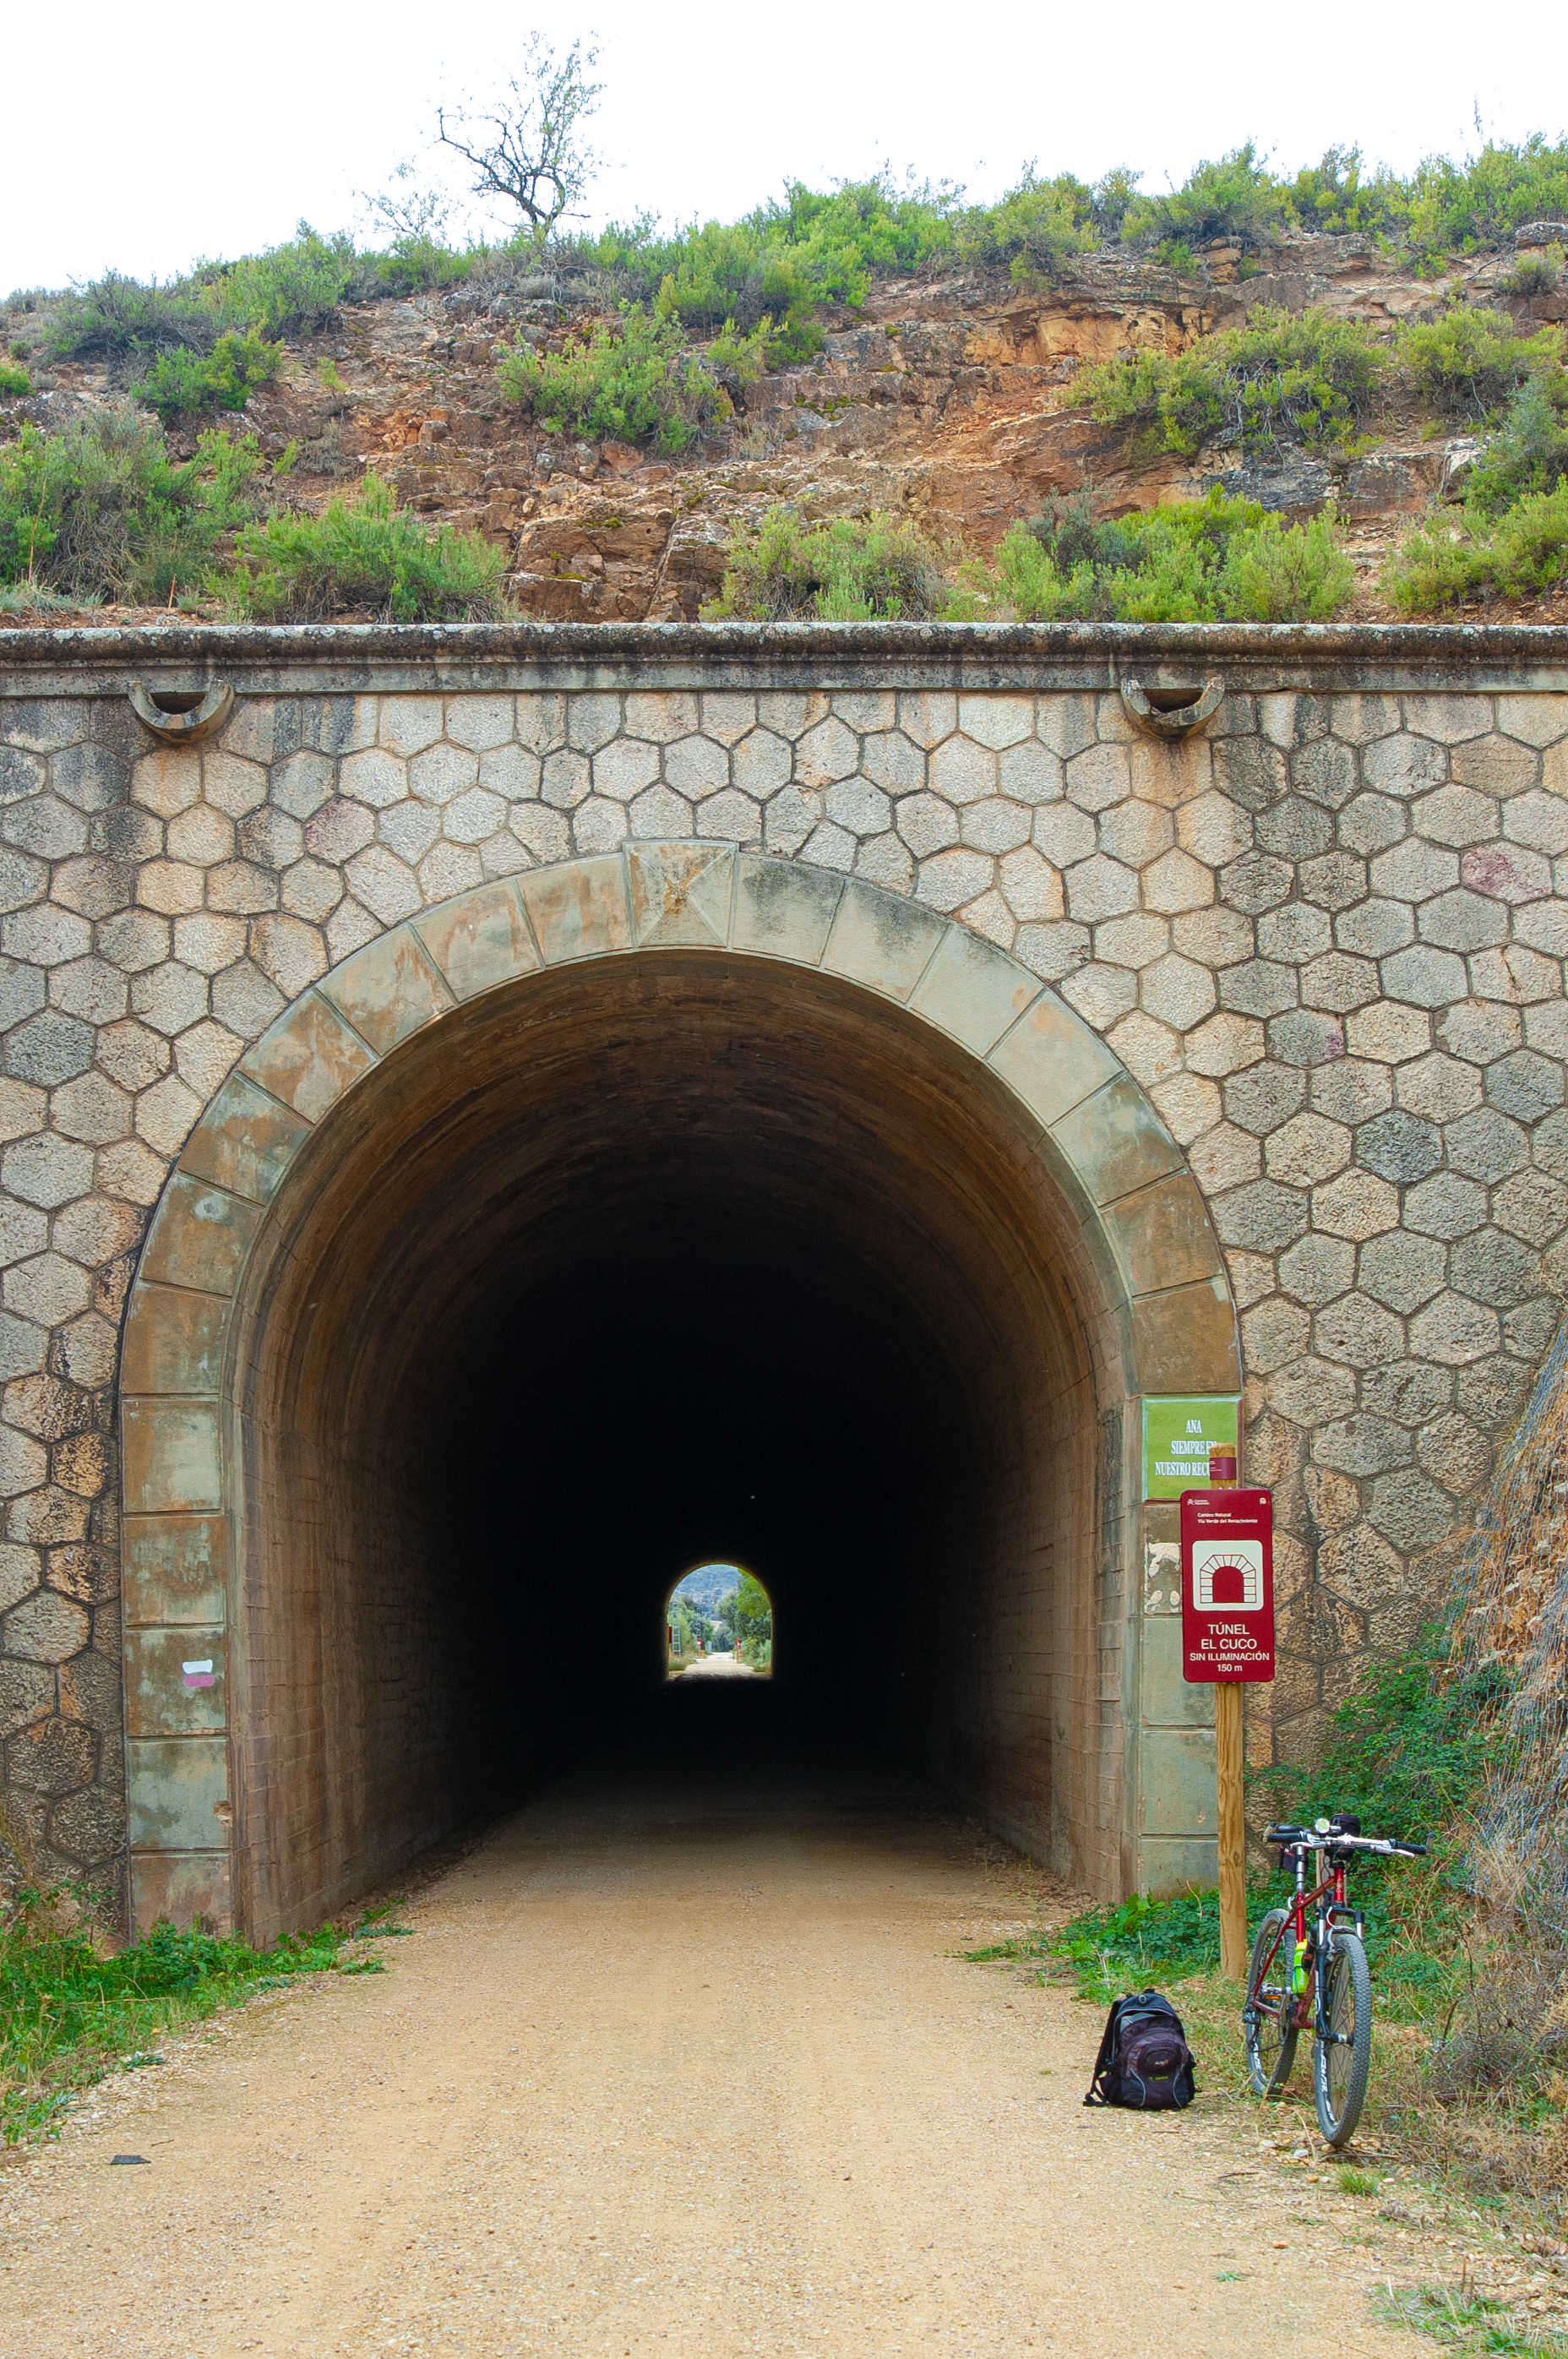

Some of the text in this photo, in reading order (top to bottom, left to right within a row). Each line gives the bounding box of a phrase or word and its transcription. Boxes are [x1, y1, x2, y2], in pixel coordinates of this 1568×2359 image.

[1185, 1419, 1202, 1434] ANA
[1171, 1440, 1205, 1455] SIEMPRE
[1155, 1462, 1211, 1476] NUESTRO RECU
[1206, 1621, 1250, 1635] TÚNEL
[1200, 1638, 1257, 1650] EL CUCO
[1190, 1650, 1270, 1661] SIN ILUMINACIÓN
[1217, 1664, 1233, 1672] 150

[Aim of the task] Please keep every line of the data the same when you reproduce it, and keep every picture out.

[Response box]
Some of the text in this photo, in reading order (top to bottom, left to right within a row). Each line gives the bounding box of a phrase or word and its transcription. Boxes are [x1, y1, x2, y2], in pixel coordinates of this 1568×2359 image.

[1185, 1419, 1202, 1434] ANA
[1171, 1440, 1205, 1455] SIEMPRE
[1155, 1462, 1211, 1476] NUESTRO RECU
[1206, 1621, 1250, 1635] TÚNEL
[1200, 1638, 1257, 1650] EL CUCO
[1190, 1650, 1270, 1661] SIN ILUMINACIÓN
[1217, 1664, 1233, 1672] 150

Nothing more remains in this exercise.